Diplomatic experts the world over are still busy analyzing the Wikileaks documents, as is our Mo Rocca:

It'll take a while to sort out what the release of a quarter-million classified messages between American diplomats overseas and the State Department means. But two things seem clear:

WikiLeaks founder Julian Assange will win Neil Patrick Harris his first Oscar; and

Foreign leaders know how to party.

Kazakhstan's prime minister enjoys trendy nightclubs, drinking and dancing solo on an elevated platform.

Libyan leader Muammar Qaddafi rarely travels without his "Ukrainian nurse," a "voluptuous blonde."

The disclosures read less like an issue of Foreign Affairs and more like a copy of Us Weekly.

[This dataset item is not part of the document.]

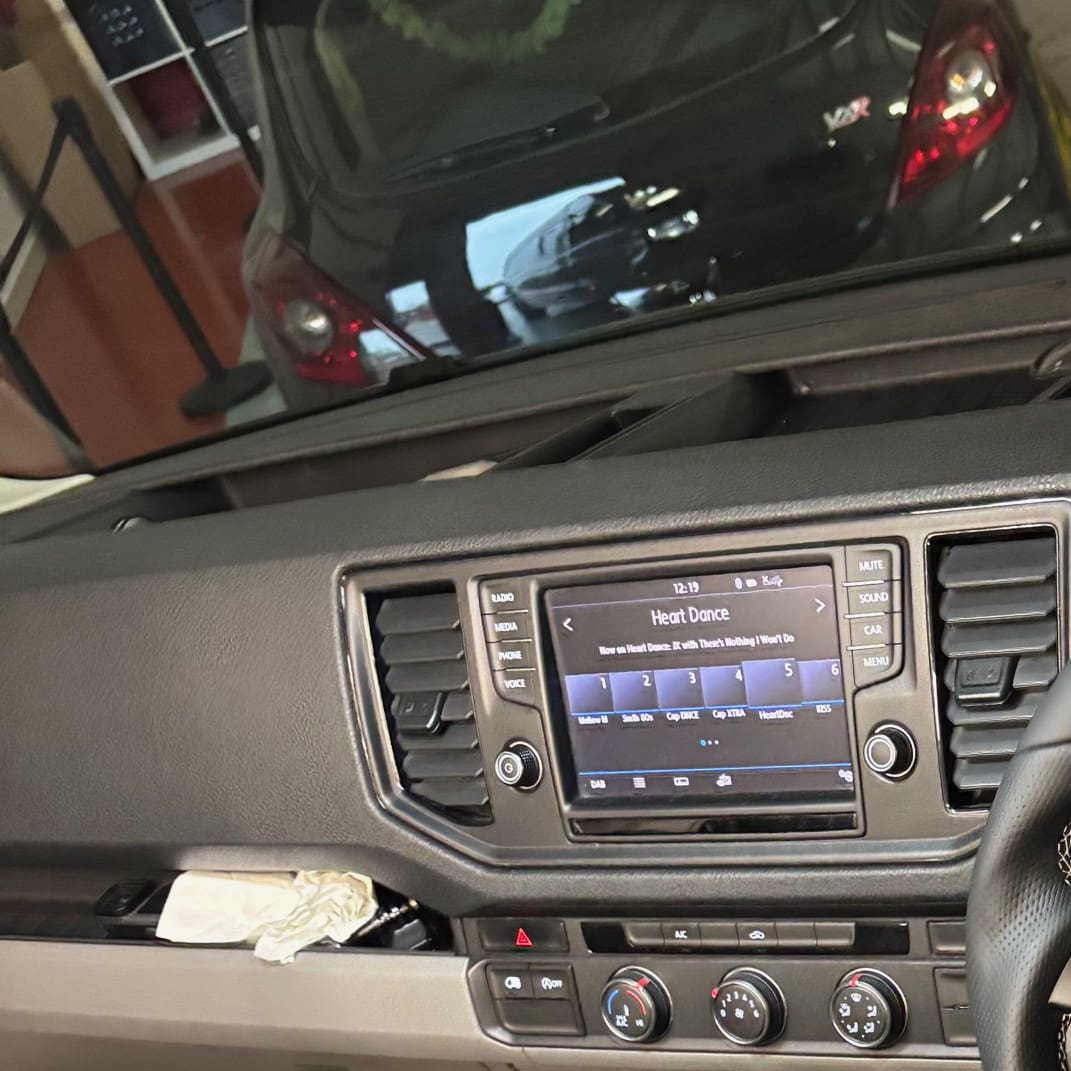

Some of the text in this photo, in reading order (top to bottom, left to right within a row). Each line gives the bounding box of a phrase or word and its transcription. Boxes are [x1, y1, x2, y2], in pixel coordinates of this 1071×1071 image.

World leaders, they're just like us!

They're feckless and vain, like 74-year-old Italian Prime Minister Silvio Berlusconi, whose non-stop partying have left him "a total mess"

They've got "a chip on their shoulder," like the nation of Canada.

What's more interesting and worrisome is the real impact of these leader's foibles and flaws.

Berlusconi's bromance with Russian Prime Minister Vladimir Putin is a problem, not because of that "blow-out party at Putin's dacha." It's charges he profited from Russian-Italian energy deals that could cost Berlusconi his job.

Putin, meanwhile, is "disengaged," maybe because the mafia state he helped create barely answers to him anymore. So that explains all the overcompensating.

YES - they're just like us … in all the worst ways.

The words "insecure," "weak" and "volatile" come up over and over.

"Erratic" Afghan President Hamid Karzai flies into paranoid anti-American rants and can't "grasp the most rudimentary principles of state-building." And yup, it's all on our dime.

And how's this for vanity? Qaddafi was apparently so upset that he couldn't set up a tent in Manhattan on a visit to the U.N. that he tried backing out of a promise to return enriched uranium to Russia.

Thank God his Ukrainian nurse is keeping him on his meds.